Un sorriso che andava da orecchio a orecchio riempì il volto del ragazzo che si pulì velocemente le mani con lo straccio e si abbottonò la camicia azzurra per coprire la canotta sporca. Tolse il cavalletto e prese a camminare fuori. Una volta superata l’entrata del capannone si mise sul sellino e fece un cenno con il capo alla sua amica. Laura non perse tempo, si sedette sul tubo orizzontale della bicicletta, con le gambe a penzoloni da un lano e una mano che si reggeva al manubrio.

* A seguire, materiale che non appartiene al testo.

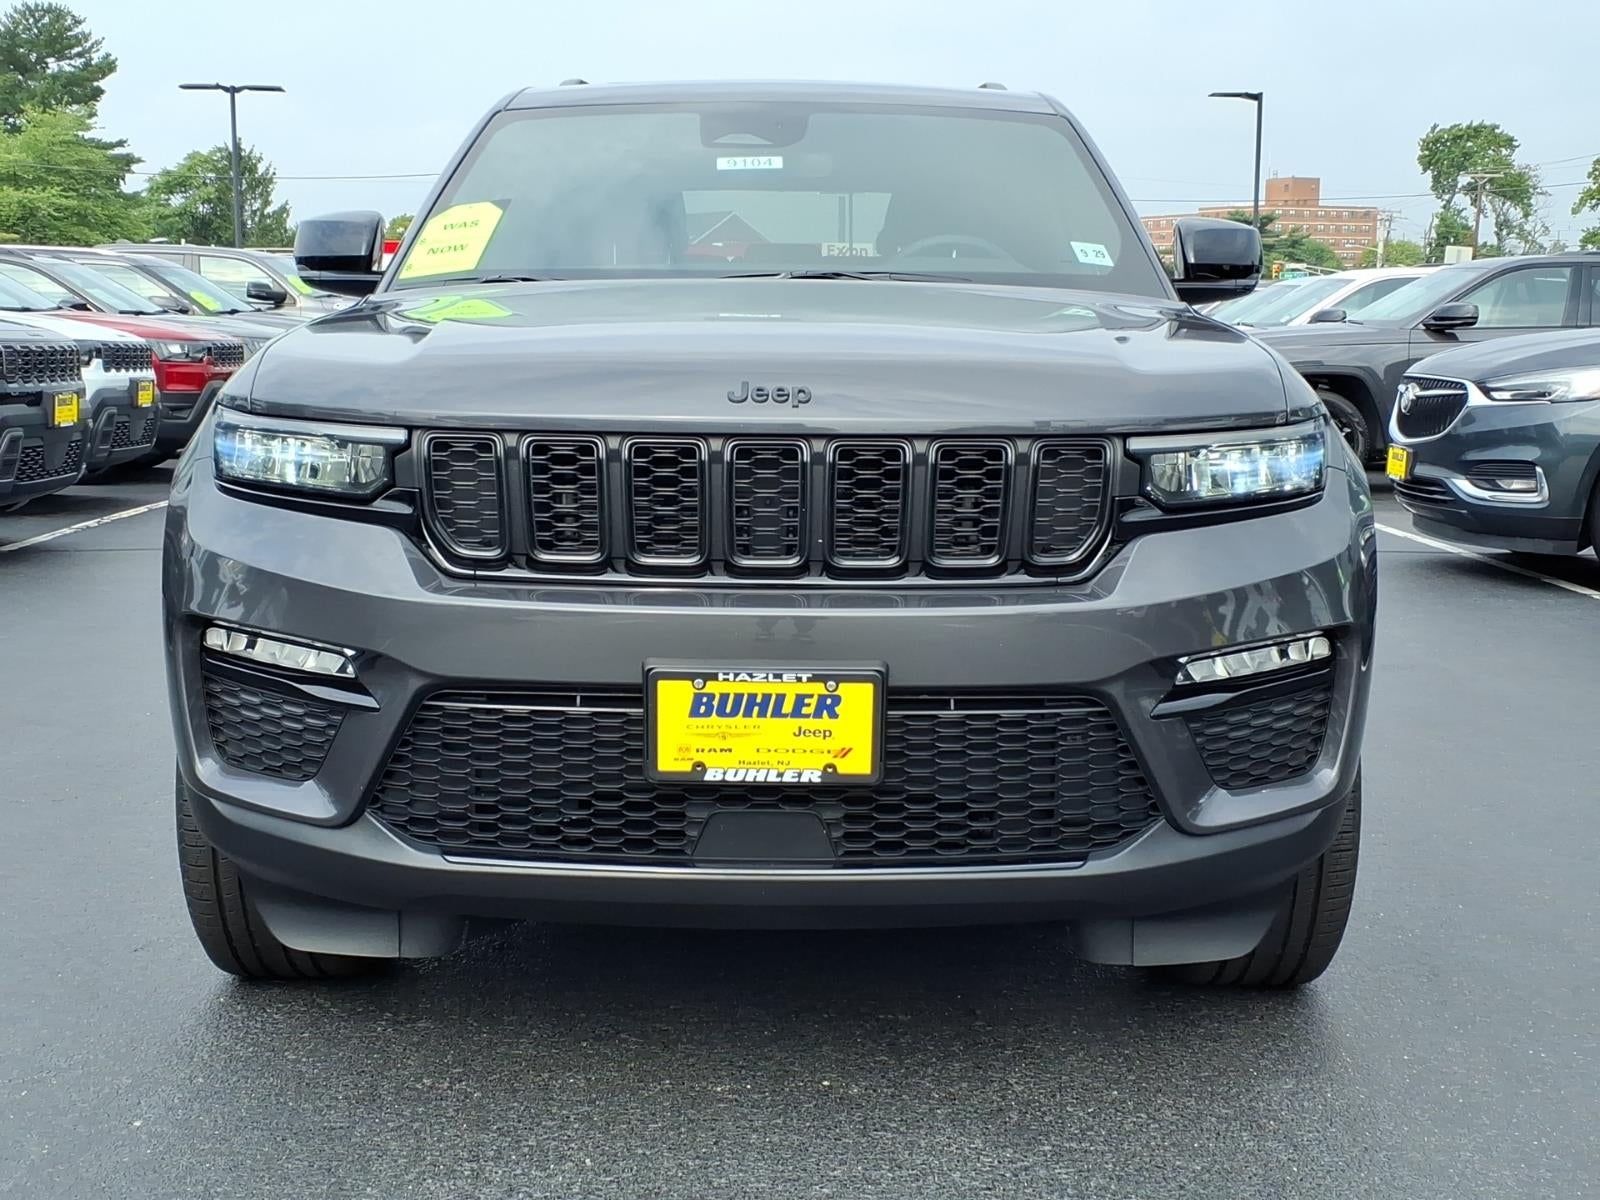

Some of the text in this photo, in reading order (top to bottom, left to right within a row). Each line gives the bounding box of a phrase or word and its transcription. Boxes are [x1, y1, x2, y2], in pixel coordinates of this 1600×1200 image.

«Tieniti, eh.» disse lui prima di iniziare a pedalare sul sentiero che portava al bosco vicino casa. Il vento gli gonfiava la camicia e gli spostava i capelli indietro. Di tanto in tanto scuoteva il capo per colpa dei capelli di Laura che gli pizzicavano il viso, ma lui ormai era abituato a quel fastidio, infatti, non disse nulla. Dopo poche pedalate casa di Laura divenne un punto lontano e i due ragazzi sparirono fra gli alti alberi del bosco. Le foglie verdi divennero uno scudo naturale contro i raggi del sole che riscaldavano la terra, la frescura della fauna li avvolse, così come il profumo di erbe selvatiche iniziò a pizzicargli le narici. Quando lui faceva qualche virata con il manubrio, il cuore di Laura le arrivava alla gola per la paura e si lasciava scappare un gridolino, lui rideva divertito nel suo orecchio
«Tranquilla, La’. Sei con me.»
Il sentiero passava vicino al fiume, lo scrosciare veloce dell’acqua limpida e il continuo frinire delle cicale erano suoni che infondevano una pace profonda. Per questo Laura e Giulietta avevano chiesto a suo padre di far costruire una casa sull’albero di pesco al centro del bosco, immersa nella natura e nella quiete. La bicicletta si fermò proprio sotto l’ombra dell’albero, sopra le loro teste c’era la casa sull’albero. Laura scese dalla bicicletta, mentre il figlio della domestica si arrampicò sull’albero senza alcun ausilio o supporto. Entrò in casa e disse tutto trionfante: «Guarda qua che ho fatto.» le buttò giù una scala fatta con una corda e delle assi di legno, con il petto pieno d’orgoglio disse che l’aveva costruita tutta lui, senza l’aiuto di suo padre. Poi le gettò una cesta in cui mettere il libro, così lui lo avrebbe tirato su.
Laura salì la scala rudimentale fatta di funi e legni, ma il suo andamento era incerto perché ad ogni passo quelle assi ballavano vivacemente.
«Sali, su. Sei proprio una femminuccia.» disse il ragazzo
«Sta’ zitto, imbecille.» Laura era quasi in cima alla scala «e poi, per tua informazione, io sono una femmina.»
Proprio mentre stava per fare l’ultimo gradino, sentì il piede scivolare e il vuoto sotto di lei. Lui l’afferrò subito per una mano e la sostenne -anche se non ce n’era bisogno perché la mano della ragazzina era ben stretta intorno alla corda. Ad un soffio dalle sue labbra, con gli occhi negli occhi, il ragazzo disse:
«Meno chiacchiere, che se ti fai male sarò in guai molto seri.»
Approfittando di quella strana vicinanza, la ragazza studiò il volto di lui: il naso dritto, qualche timido accenno di barba intorno le labbra tumefatte, i ciuffi corvini gli incorniciavano il volto. Era privo di imperfezioni, privo di nei, lei, invece, ne aveva qualcuno sparso qua e là. Si domandò se potesse essere più brutto con quei segni. Forse sì, forse no. Non sono mica due puntini a fare la differenza. Ogni volta che lui la guardava, Laura avvertiva un calore insolito alle guance e un pizzico fastidioso al centro del petto che non sapeva spiegare.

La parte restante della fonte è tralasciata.